• _Images for object localization_
# # # #

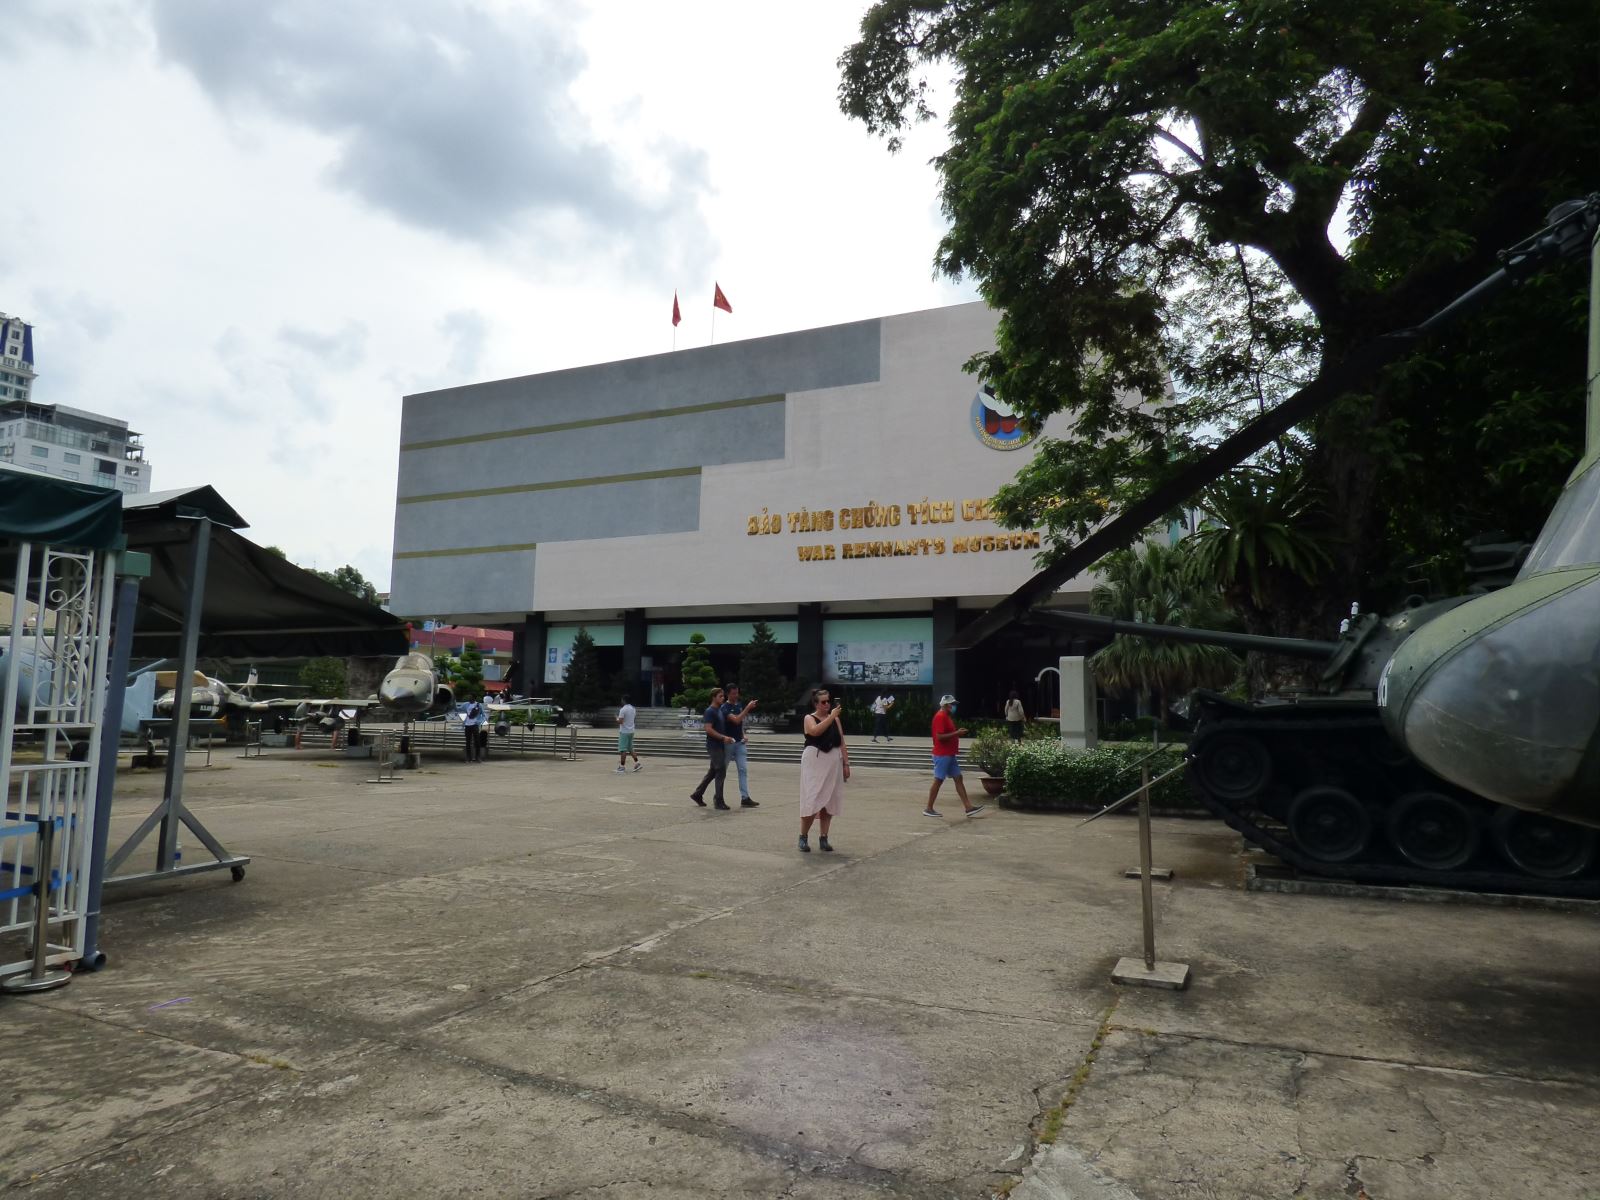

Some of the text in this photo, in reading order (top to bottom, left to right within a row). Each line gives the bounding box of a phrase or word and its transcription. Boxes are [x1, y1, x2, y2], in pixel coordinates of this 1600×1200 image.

[798, 531, 1041, 561] WAR REMNANTS MUSEUM
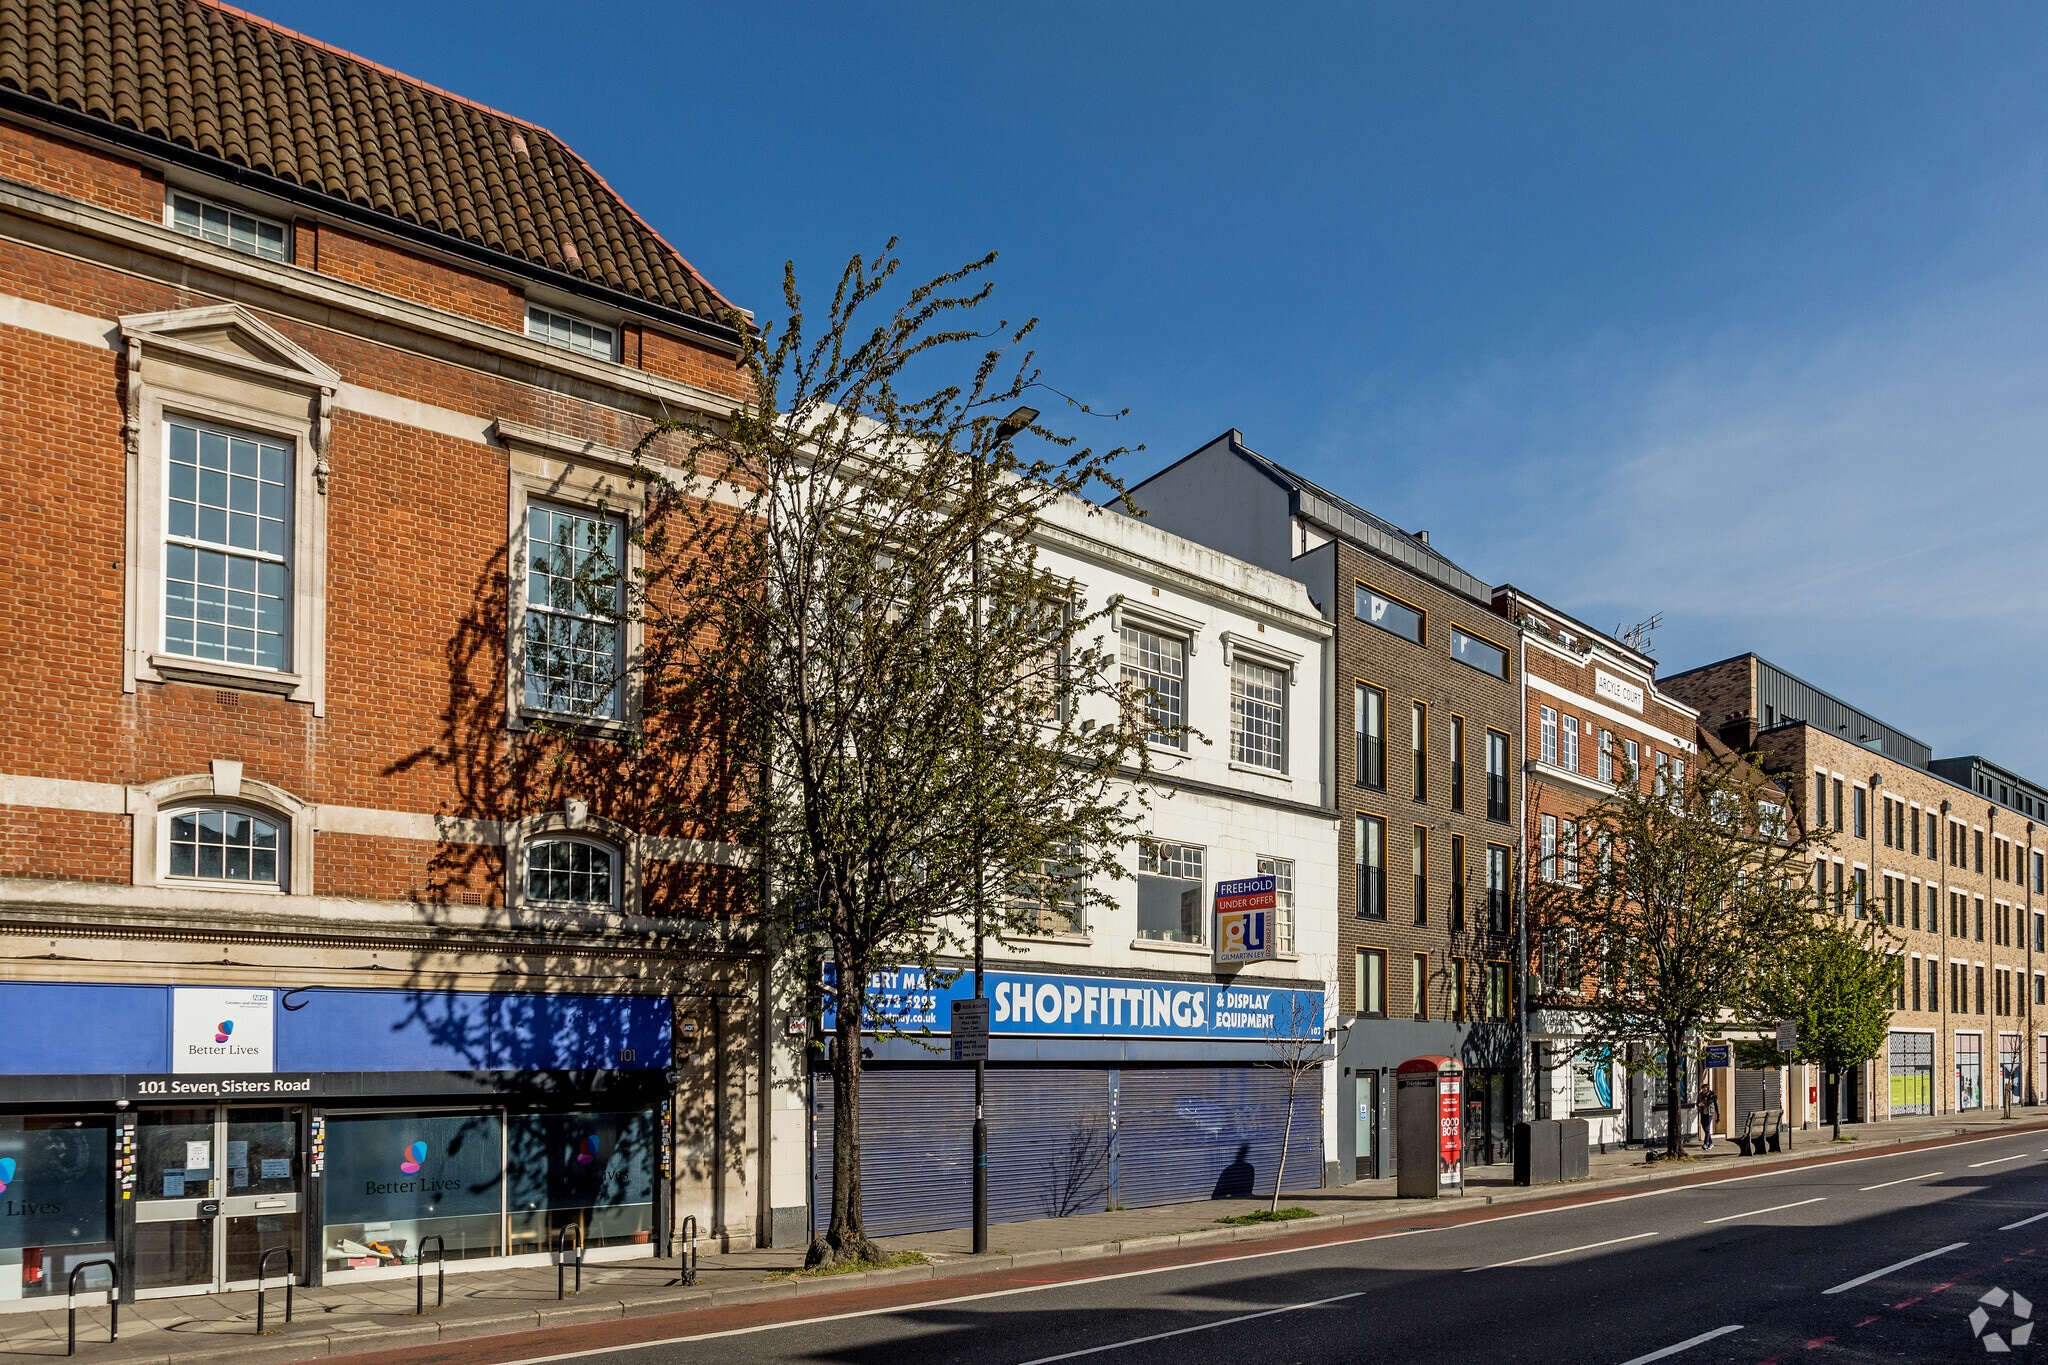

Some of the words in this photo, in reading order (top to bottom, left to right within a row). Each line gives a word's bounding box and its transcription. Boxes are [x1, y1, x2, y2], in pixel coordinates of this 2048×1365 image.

[1622, 687, 1641, 705] COURT
[1221, 880, 1273, 895] FREEHOLD
[1219, 899, 1248, 910] UNDER
[1249, 895, 1274, 906] OFFER
[1221, 952, 1254, 961] GILMARTIN
[1254, 950, 1265, 959] LEY
[866, 971, 899, 989] ERT
[995, 981, 1207, 1029] SHOPFITTINGS
[1216, 992, 1225, 1008] &
[1226, 991, 1273, 1010] DISPLAY
[1215, 1011, 1275, 1030] EQUIPMENT
[188, 1044, 226, 1055] Better
[229, 1044, 259, 1055] Lives
[619, 1048, 636, 1062] 101
[138, 1081, 167, 1094] 101
[171, 1080, 217, 1093] Seven
[221, 1079, 270, 1092] Sisters
[274, 1078, 311, 1091] Road
[1441, 1117, 1460, 1127] GOOD
[1442, 1126, 1458, 1137] BOYS
[365, 1181, 416, 1196] Better
[420, 1177, 461, 1192] Lives
[6, 1199, 62, 1217] Lives

# # # #

• _What is expected_
Copy the entries exactly. No pictures.

• _Response below_
Some of the text in this photo, in reading order (top to bottom, left to right within a row). Each line gives the bounding box of a phrase or word and its transcription. Boxes are [x1, y1, x2, y2], in pixel coordinates of this 1600×1200 image.

[798, 531, 1041, 561] WAR REMNANTS MUSEUM

Some of the words in this photo, in reading order (top to bottom, left to right within a row). Each line gives a word's bounding box and its transcription. Boxes are [x1, y1, x2, y2], in pixel coordinates of this 2048×1365 image.

[1622, 687, 1641, 705] COURT
[1221, 880, 1273, 895] FREEHOLD
[1219, 899, 1248, 910] UNDER
[1249, 895, 1274, 906] OFFER
[1221, 952, 1254, 961] GILMARTIN
[1254, 950, 1265, 959] LEY
[866, 971, 899, 989] ERT
[995, 981, 1207, 1029] SHOPFITTINGS
[1216, 992, 1225, 1008] &
[1226, 991, 1273, 1010] DISPLAY
[1215, 1011, 1275, 1030] EQUIPMENT
[188, 1044, 226, 1055] Better
[229, 1044, 259, 1055] Lives
[619, 1048, 636, 1062] 101
[138, 1081, 167, 1094] 101
[171, 1080, 217, 1093] Seven
[221, 1079, 270, 1092] Sisters
[274, 1078, 311, 1091] Road
[1441, 1117, 1460, 1127] GOOD
[1442, 1126, 1458, 1137] BOYS
[365, 1181, 416, 1196] Better
[420, 1177, 461, 1192] Lives
[6, 1199, 62, 1217] Lives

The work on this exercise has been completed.